Overview
The goal of this observational study is to create a single macro registry system with data collection on common clinical features, grouping the different rare diseases (RD).
Moreover, the specific goals are to generate an alert system for possible cases of RD with data from the electronic medical record, to describe the occurrence of RD in the evaluated population, to characterize the population, to describe patterns of diagnosis and treatment of RD present at the time, and to explore patient-reported outcomes.
Description
Rare Diseases (RD) pose a health challenge due to their complexity and low prevalence, generating a burden in terms of morbidity and mortality and costs.
The fragmentation of data on these diseases makes it difficult to understand them comprehensively. Therefore, the creation of a macro institutional registry that brings together information on RD would facilitate research in this field.
The registries are organized systems of systematic data collection of a large number of patients quickly and efficiently on a particular disease at a given time.
The main difficulty of the registries is the guarantee of the quality of their data.

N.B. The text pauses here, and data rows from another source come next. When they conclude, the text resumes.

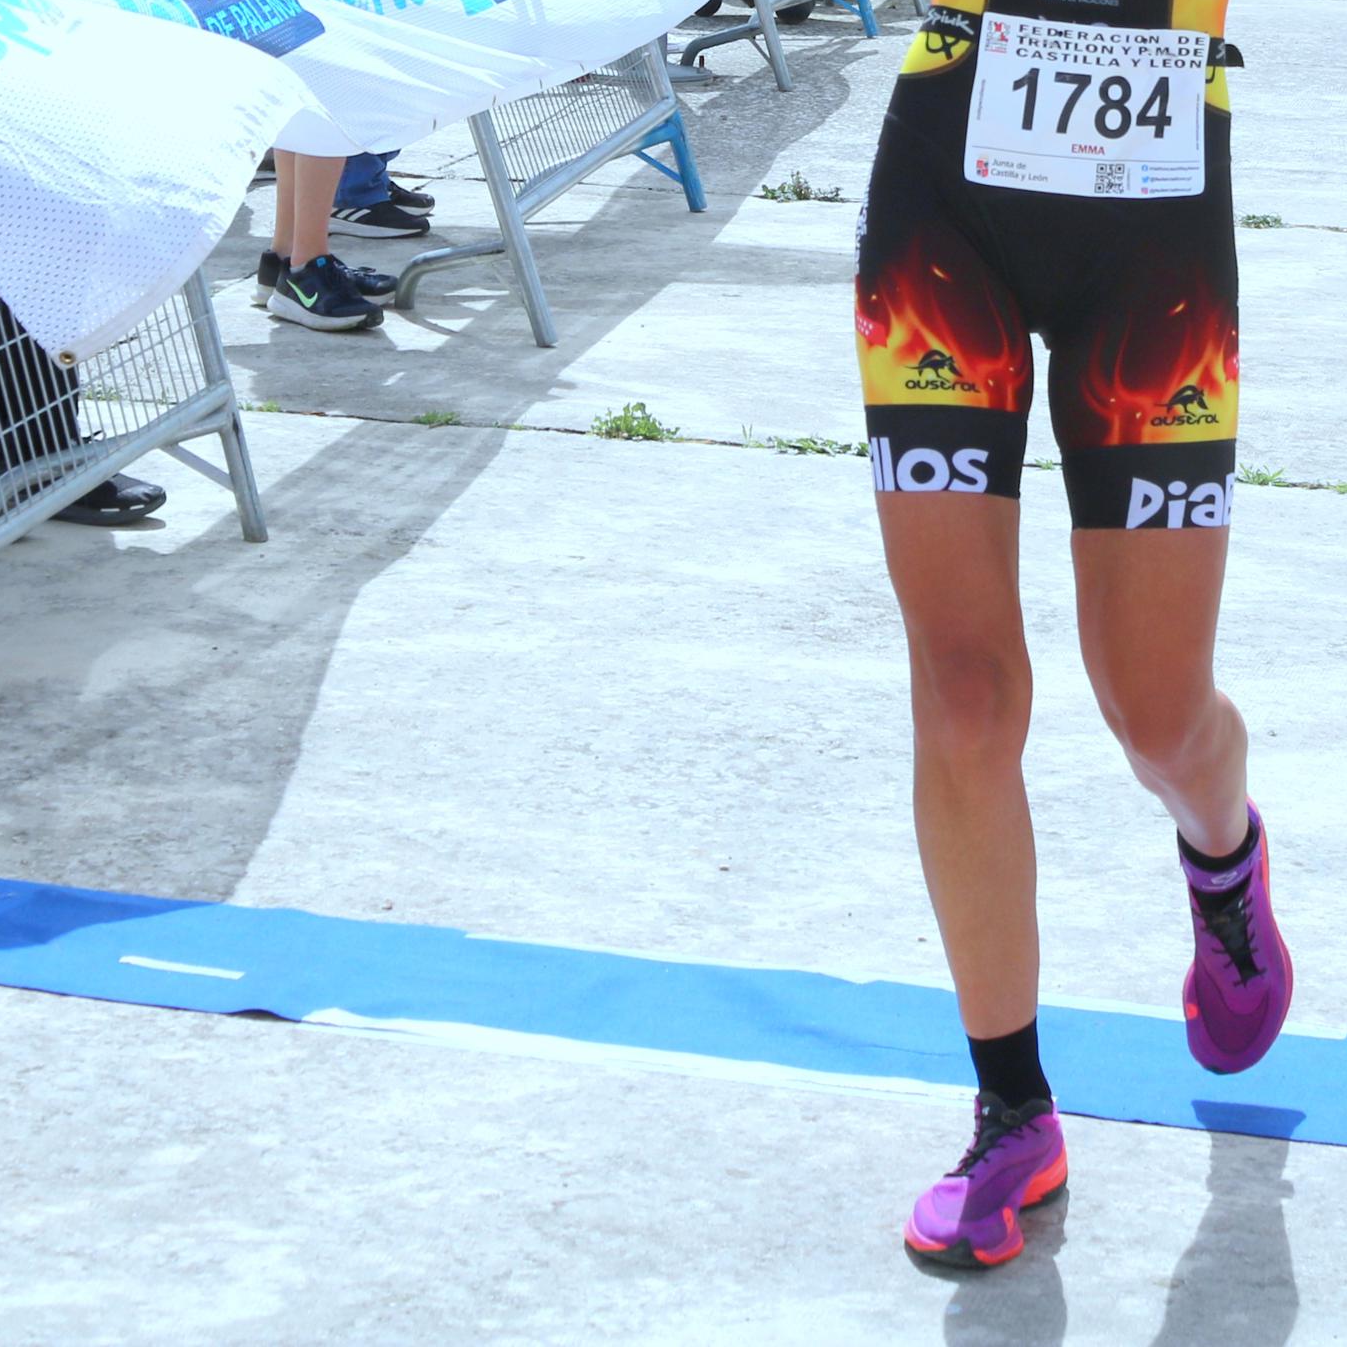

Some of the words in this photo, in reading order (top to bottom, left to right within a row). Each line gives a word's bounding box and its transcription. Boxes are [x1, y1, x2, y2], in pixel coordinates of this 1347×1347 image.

[1178, 36, 1206, 46] DE
[1016, 47, 1120, 67] CASTILLA
[1131, 58, 1141, 67] Y
[1121, 46, 1131, 55] Y
[1178, 48, 1205, 58] DE
[1012, 67, 1172, 140] 1784
[1071, 143, 1106, 155] EMMA

The main objectives of the registry are:
Understand risk factors and prognosis. Evaluate the diagnostic and therapeutic comparison with current standards. Advance knowledge of the disease to optimize the assessment, treatment and monitoring of patients.
Analyze the effectiveness of new therapies. Studying differences between populations. Quickly estimate the morbidity, mortality and resource utilization associated with a disease entity.
Examine the course of a disease Formulate novel hypotheses for further prospective studies.
Eligibility
Inclusion Criteria:
- Clinical and/or molecular diagnosis of any of the following rare diseases: Amyloidosis, Sarcoidosis, Phacomatosis, Pheochromocytoma, Paraganglioma, Von Hippel-Lindau Disease, Immunoglobulin G4-Related Disease, Demyelinating Diseases, Inborn Errors of Metabolism, Eosinophilic Gastrointestinal Disorders, Hypertrophic Cardiomyopathy, Gaucher Disease, Congenital Adrenal Hyperplasia, Hereditary Angioedema, Pulmonary Hypertension, Wilson Disease, Vascular Anomalies, Mastocytosis, Multiple Endocrine Neoplasia, Inflammatory Bowel Diseases, Prader-Willi Syndrome, Hirschsprung Disease, or Cushing Syndrome.
- Must be followed at Hospital Italiano de Buenos Aires.
Exclusion Criteria:
- Refusal to participate in the study or in the informed consent process.